Probes: RET (10q11.2)
Disease(s): Lung cancer, thyroid cancer
RET gene rearrangements that result in growth-promoting chimeric or fusion proteins are found in 1-2% of adenocarcinoma-containing non-small cell lung cancer (NSCLC) and 20-40% of sporadic papillary thyroid carcinoma (PTC). In lung cancer, the most common rearrangement partner is KIF5B, followed by PTC1 and PTC3 rearrangements which are the most common in PTC. RET rearrangements in NSCLC are generally mutually exclusive of mutations in EGFR, KRAS, ALK, and ROS1. Patients tend to be younger (<60) and lack smoking history. Early clinical studies in NSCLC show response to multi-kinase inhibitors. By identifying PTC, RET rearrangements are one of several genetic markers useful for classifying indeterminate thyroid FNA cytology results. Sequence-variant mutations in the RET gene associated with MEN2 syndrome or sporadic medullary thyroid carcinoma (MTC) will not be detected by FISH; next-gen sequencing for the RET gene may be considered instead.
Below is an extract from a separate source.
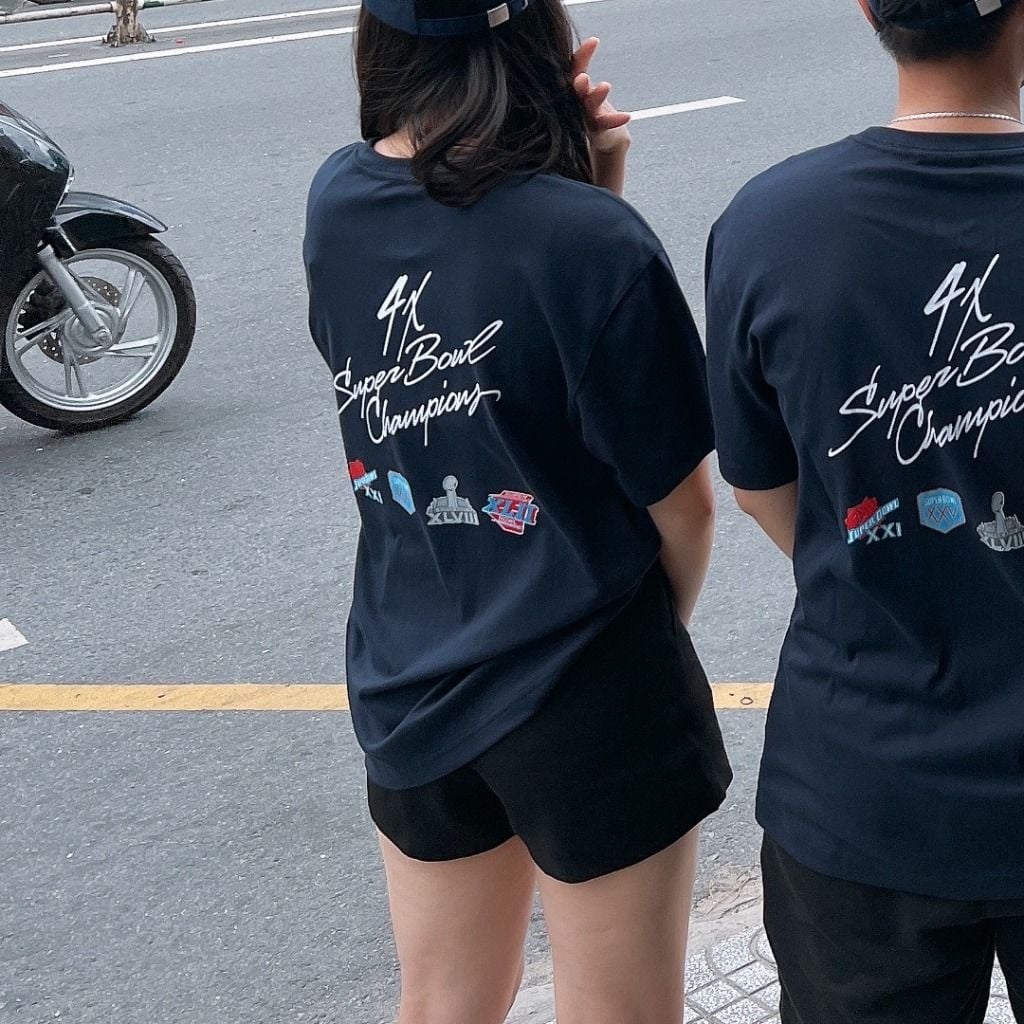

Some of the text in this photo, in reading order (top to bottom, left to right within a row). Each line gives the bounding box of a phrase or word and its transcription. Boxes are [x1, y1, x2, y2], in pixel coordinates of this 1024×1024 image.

[334, 319, 504, 419] Super Bowl
[366, 379, 501, 447] Champions
[828, 364, 958, 458] Super
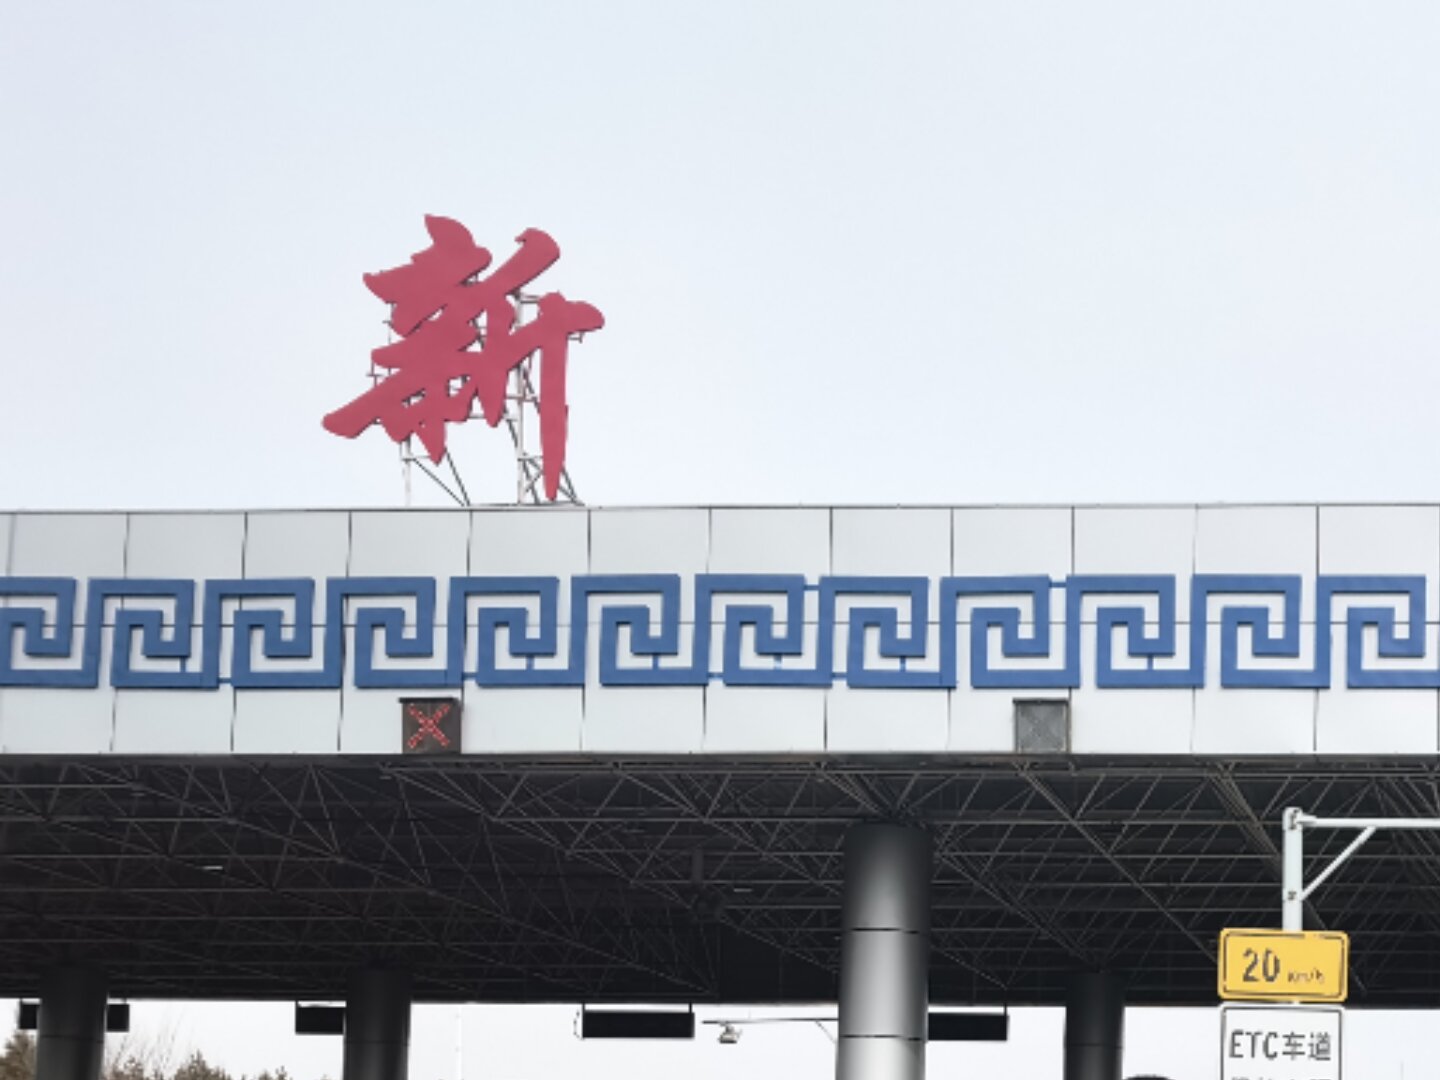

- Bone marrow aspirate: N/A
- Peripheral blood: N/A
- Fresh, unfixed tissue: N/A
- Fluids: N/A
- Paraffin block: Send paraffin block. Also send circled H&E slide for tech-only (required).
- Cut slides: H&E slide (required) plus 4 unstained slides cut at 4-5 microns. Circle H&E slide for tech-only.
Use cold pack for transport. Make sure cold pack is not in direct contact with specimen.